With images removed, transcribe each record exactly as it appears.
•••••
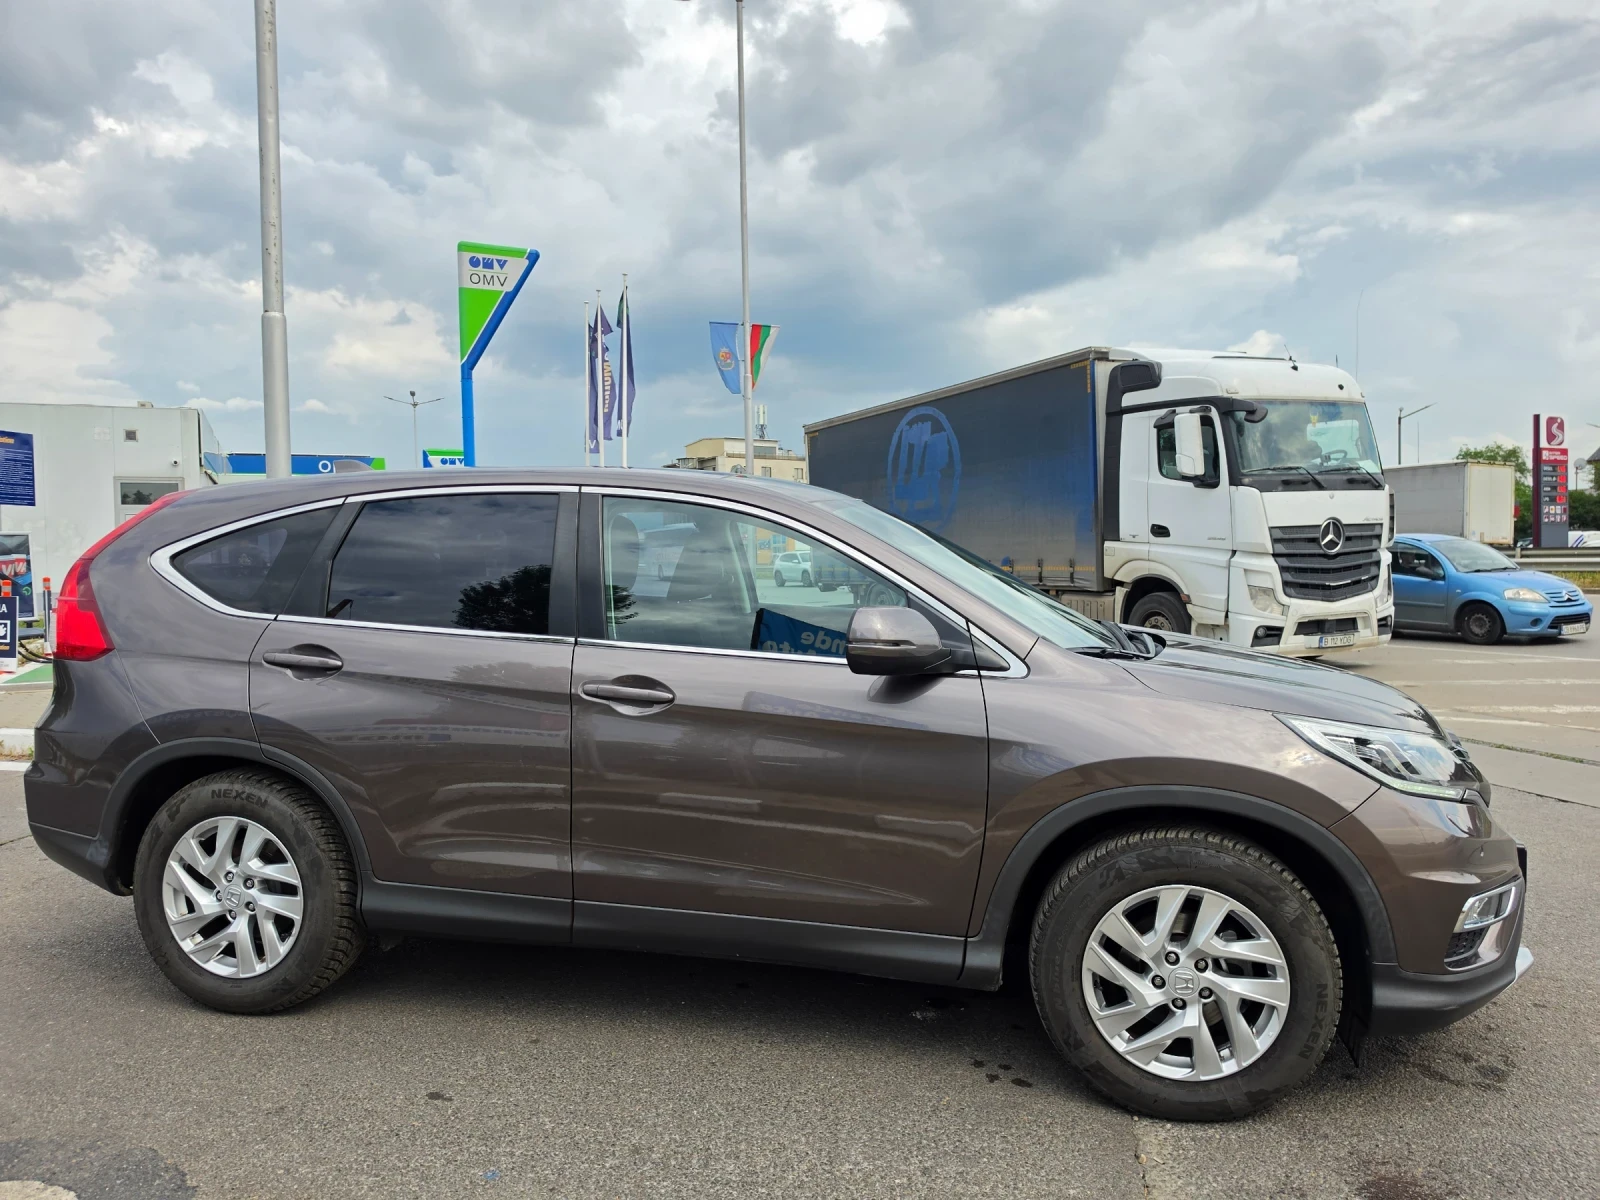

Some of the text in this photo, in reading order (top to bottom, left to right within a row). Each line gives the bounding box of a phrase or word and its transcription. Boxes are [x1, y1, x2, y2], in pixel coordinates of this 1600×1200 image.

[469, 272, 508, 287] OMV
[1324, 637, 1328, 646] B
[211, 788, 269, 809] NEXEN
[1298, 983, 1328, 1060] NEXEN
•••••
▶ Solution to the problem
Some of the text in this photo, in reading order (top to bottom, left to right within a row). Each line gives the bounding box of a phrase or word and its transcription. Boxes are [x1, y1, x2, y2], in pixel coordinates of this 1600×1200 image.

[469, 272, 508, 287] OMV
[1324, 637, 1328, 646] B
[211, 788, 269, 809] NEXEN
[1298, 983, 1328, 1060] NEXEN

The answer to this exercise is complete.